*** Entries supplied

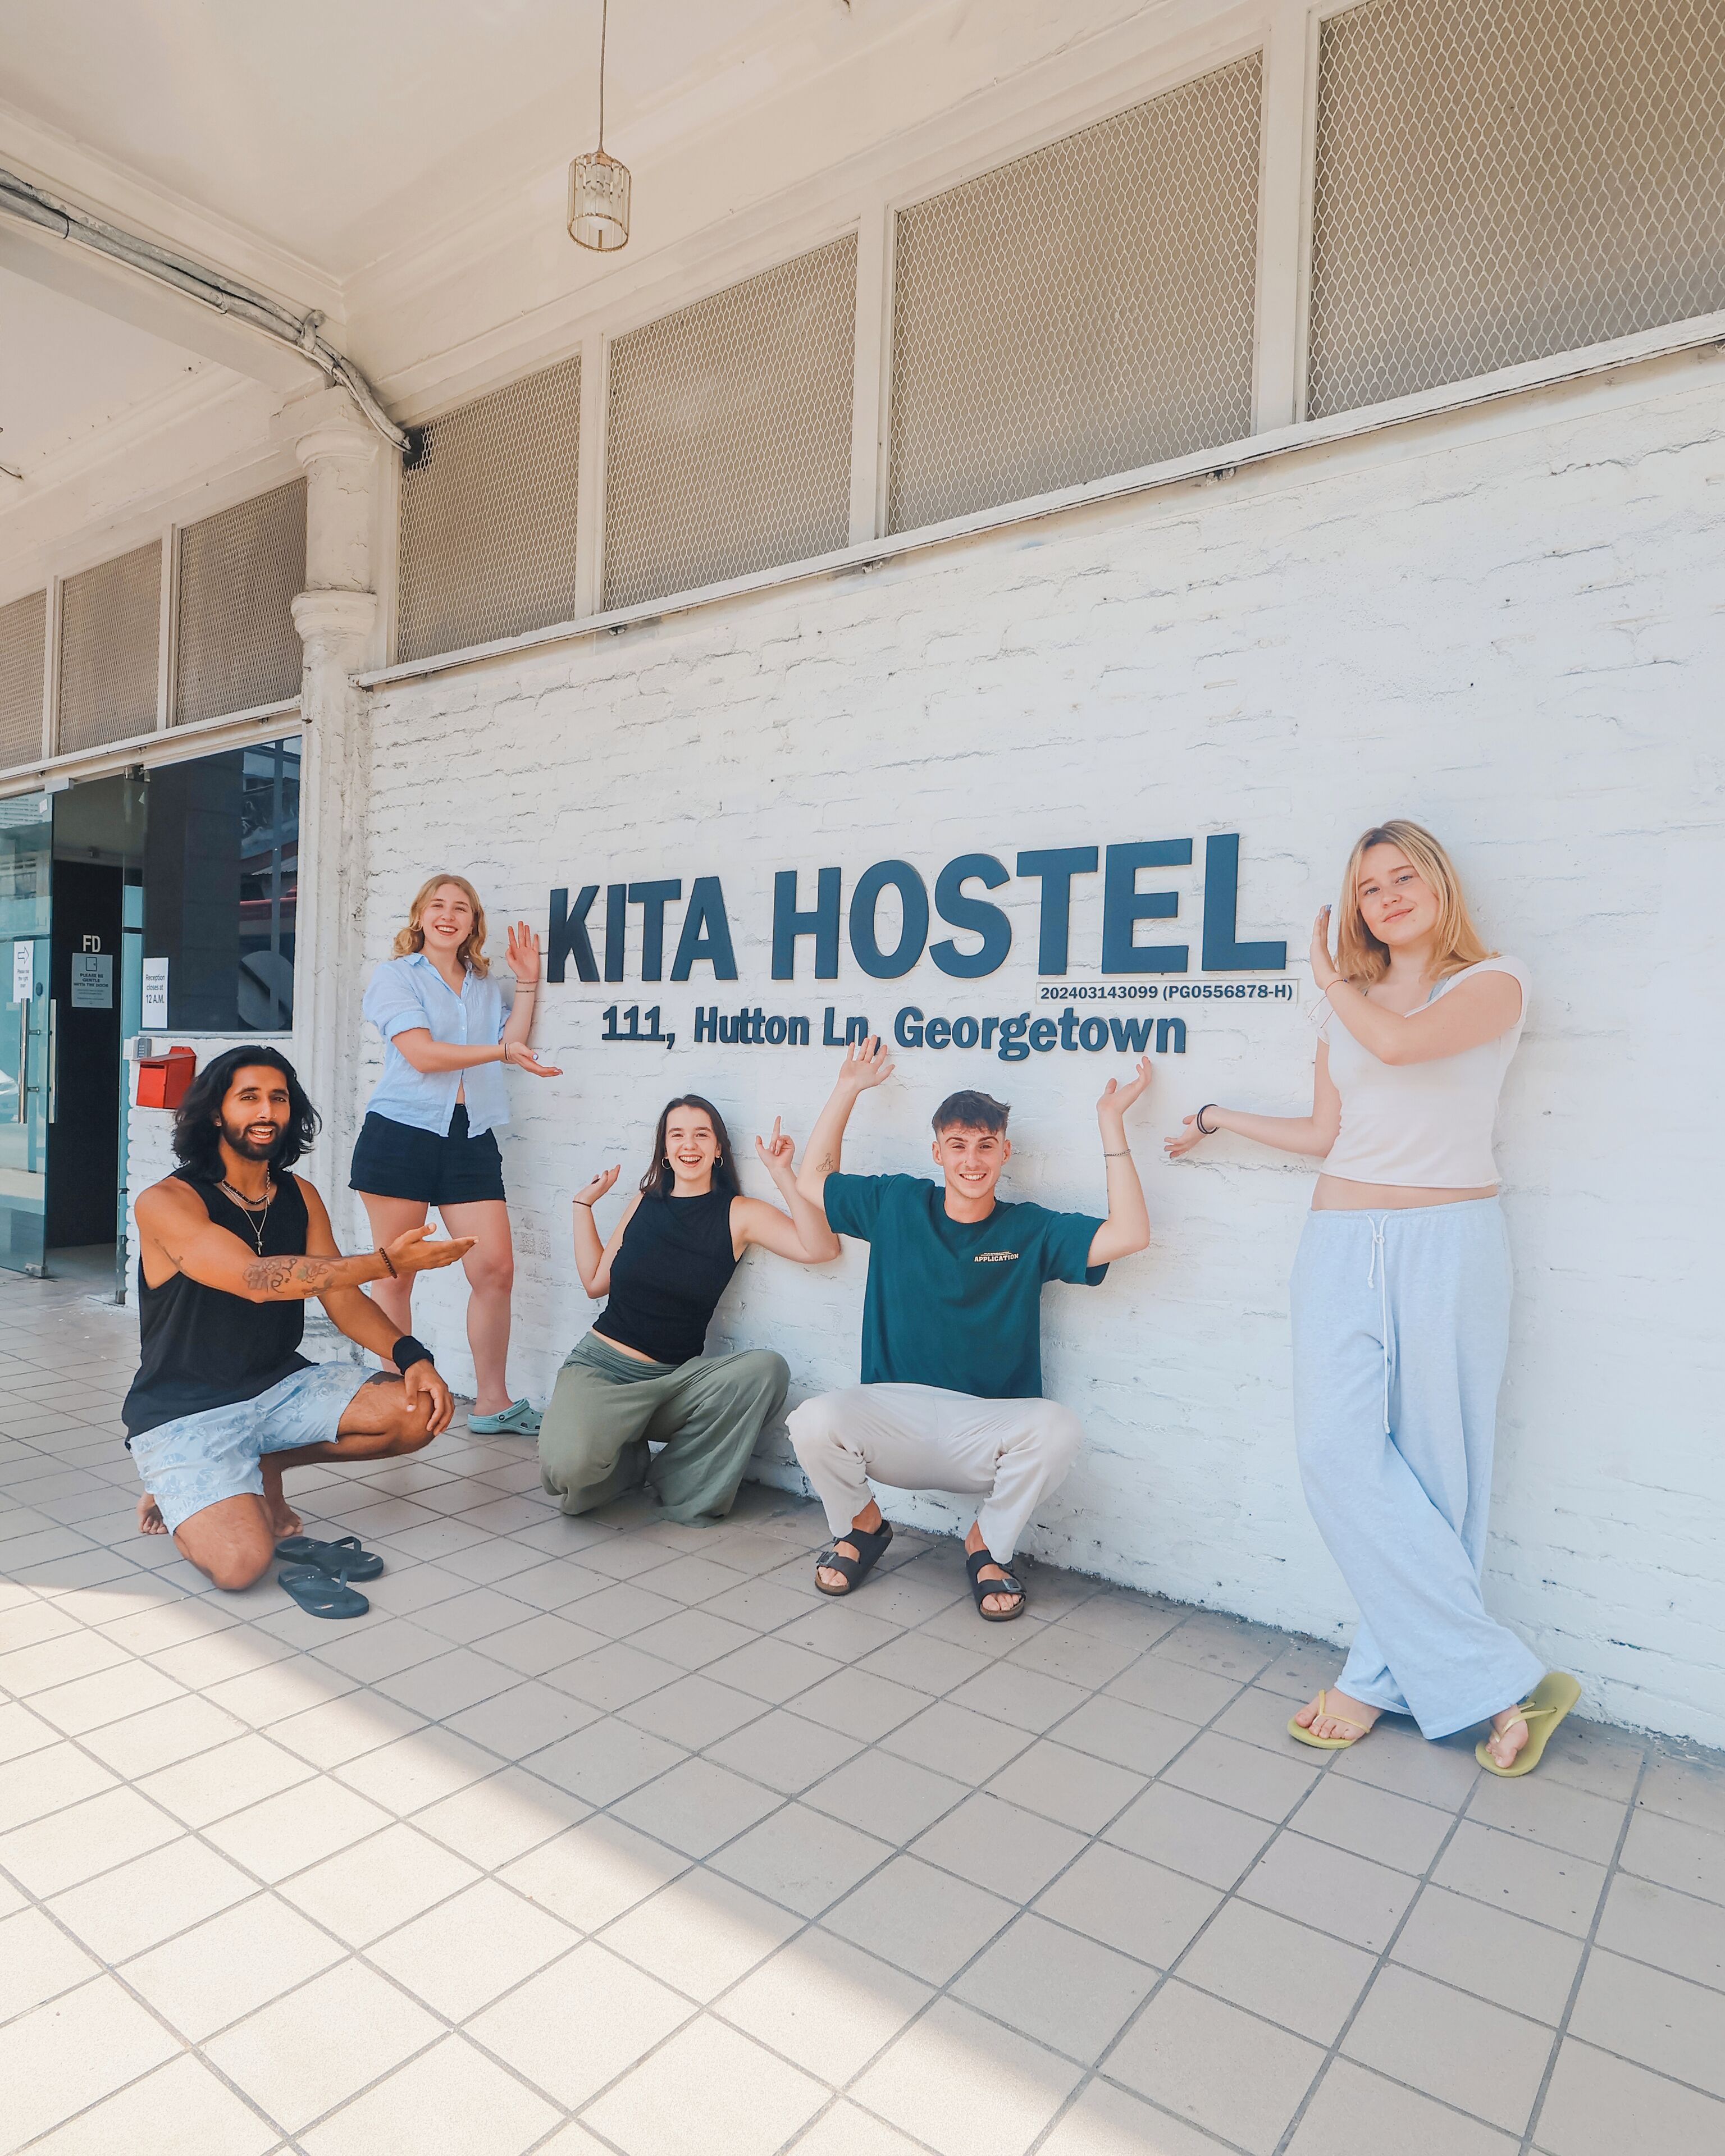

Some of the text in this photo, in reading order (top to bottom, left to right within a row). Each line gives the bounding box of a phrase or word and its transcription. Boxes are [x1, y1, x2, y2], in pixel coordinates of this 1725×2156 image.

[547, 833, 1286, 983] KITA HOSTEL
[83, 934, 101, 953] FD
[146, 995, 152, 1003] 12
[1041, 984, 1292, 1001] 202403143099 (PG0556878-H)
[602, 1006, 675, 1049] 111,
[694, 1006, 809, 1045] Hutton
[895, 1006, 1186, 1061] Georgetown
[974, 1253, 1019, 1262] APPLICATION

******

— Activity —
Above are the entries; write them out again exactly, omitting the pictures.

— Exercise result —
Some of the text in this photo, in reading order (top to bottom, left to right within a row). Each line gives the bounding box of a phrase or word and its transcription. Boxes are [x1, y1, x2, y2], in pixel coordinates of this 1725×2156 image.

[547, 833, 1286, 983] KITA HOSTEL
[83, 934, 101, 953] FD
[146, 995, 152, 1003] 12
[1041, 984, 1292, 1001] 202403143099 (PG0556878-H)
[602, 1006, 675, 1049] 111,
[694, 1006, 809, 1045] Hutton
[895, 1006, 1186, 1061] Georgetown
[974, 1253, 1019, 1262] APPLICATION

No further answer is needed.